Claims that permitted livestock operations are the cause of Eastern Oregon’s nitrate challenges ignores research showing that contamination is a multi-source legacy issue. Septic systems, shallow aquifers and long-past land use decisions all play a role. Many current CAFO permit requirements were adopted specifically to address these concerns, and modern farms are far more regulated than those of previous generations.
Assertions that Oregon’s proposed permit lacks basic safeguards also misrepresent existing protections. Storage structures are regulated based on engineering standards and site-specific risk. Application restrictions account for soil conditions, weather and proximity to waterways. Violations are enforceable through inspections, penalties and corrective actions.
Monitoring and transparency are not absent, nor are regulators letting agriculture “off the hook”, as claimed. In 2024, 330 Oregon farms required a CAFO permit. That same year, the Oregon Department of Agriculture conducted 604 site inspections of permitted CAFOs and non-permitted livestock operations.
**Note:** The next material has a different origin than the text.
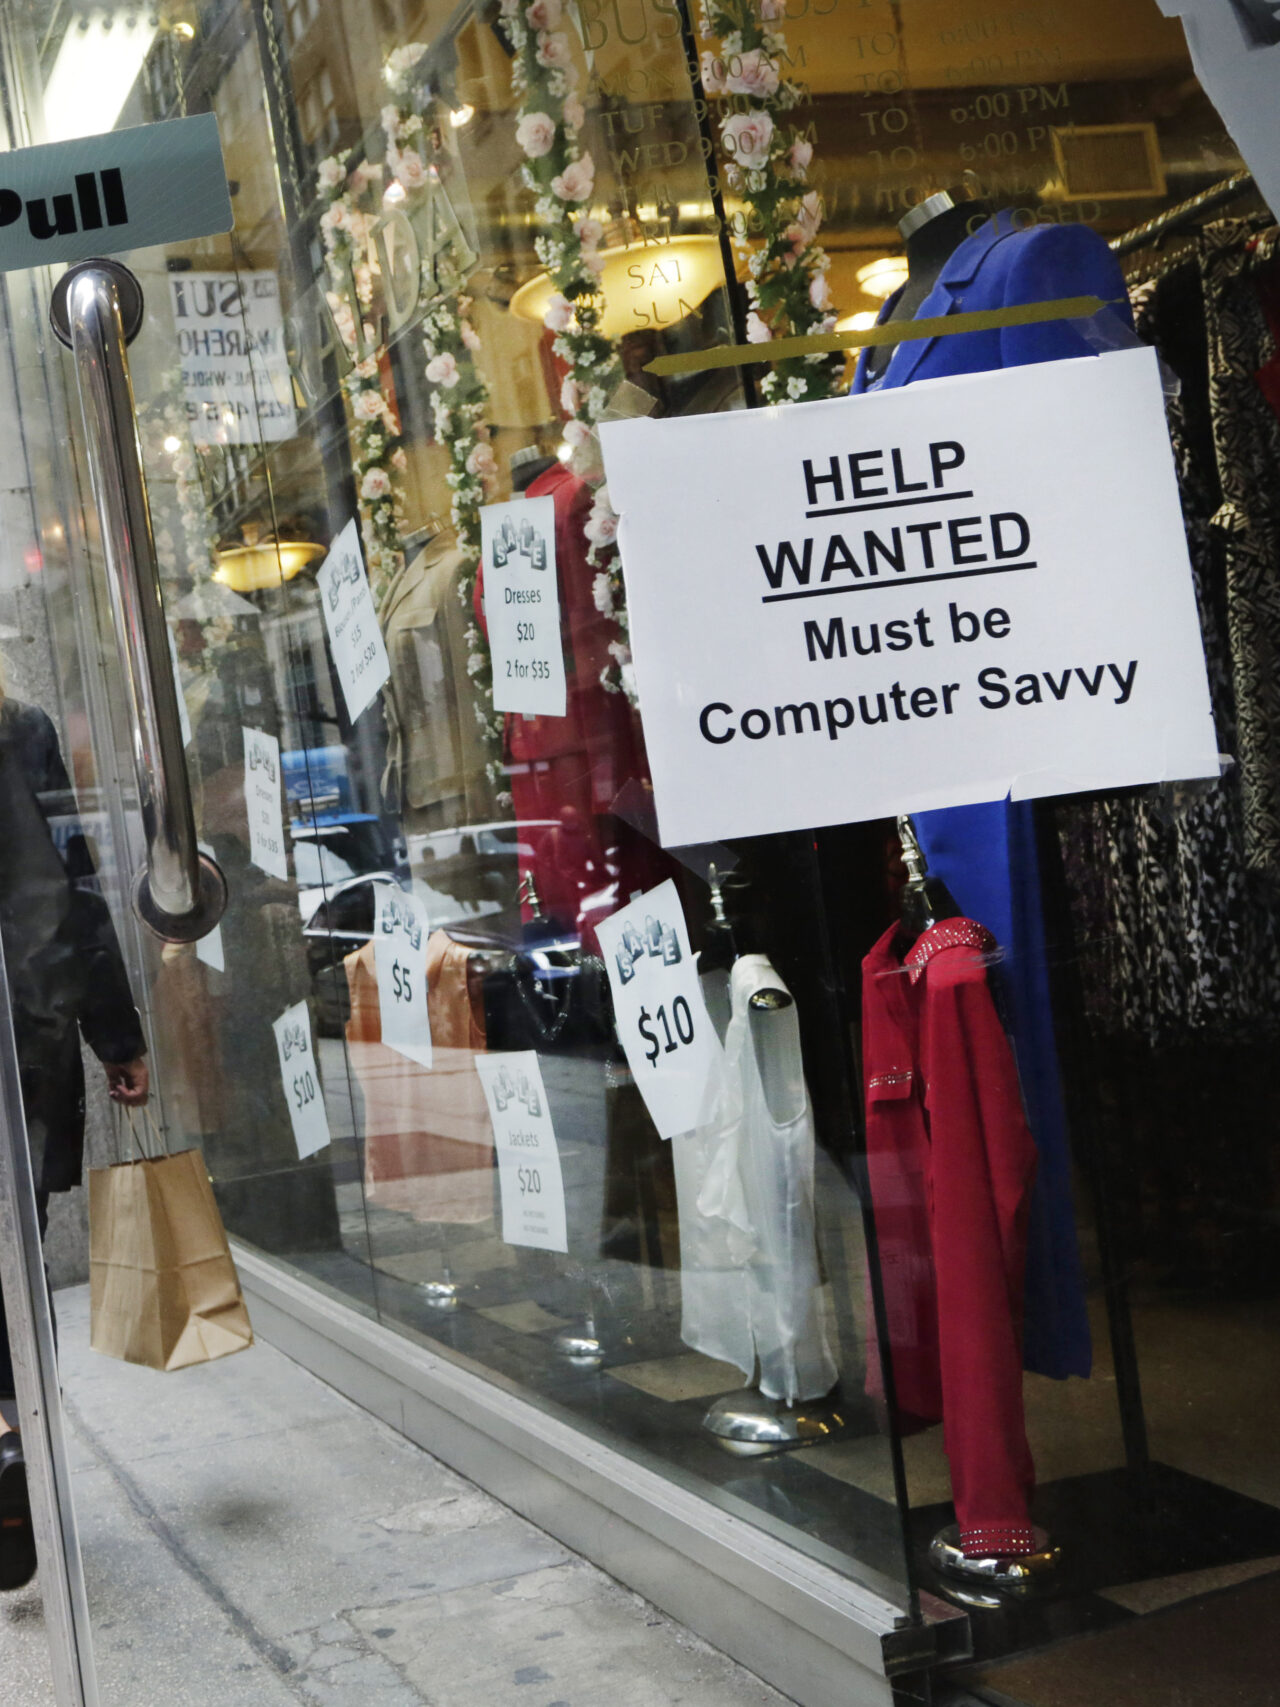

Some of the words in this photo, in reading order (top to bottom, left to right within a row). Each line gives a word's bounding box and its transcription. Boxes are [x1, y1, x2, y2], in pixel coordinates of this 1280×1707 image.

Oregon’s livestock producers are not faceless corporations. They are families who live on the land they steward, drink the same water as their neighbors and depend on clean soil and water for their livelihoods. They also provide essential food, stable jobs, wildlife habitat and economic opportunity in rural communities that are too often overlooked, yet frequently targeted.
Debates about environmental protection should be rooted in good faith, not caricatures and loaded language. Calling family farms “factories” does nothing to protect water quality, it only poisons public discourse. Oregon’s CAFO permit renewal should be guided by science and balance, not charged and misleading narratives that undermine the very people who help feed us.

Angi Bailey is president of the Oregon Farm Bureau Federation, Oregon’s most inclusive agriculture organization. More than 6,500 Farm Bureau member families raise all of Oregon’s 220-plus agricultural commodities, from hops to hazelnuts, cattle to cranberries. Originally published by Oregon Capital Chronicle.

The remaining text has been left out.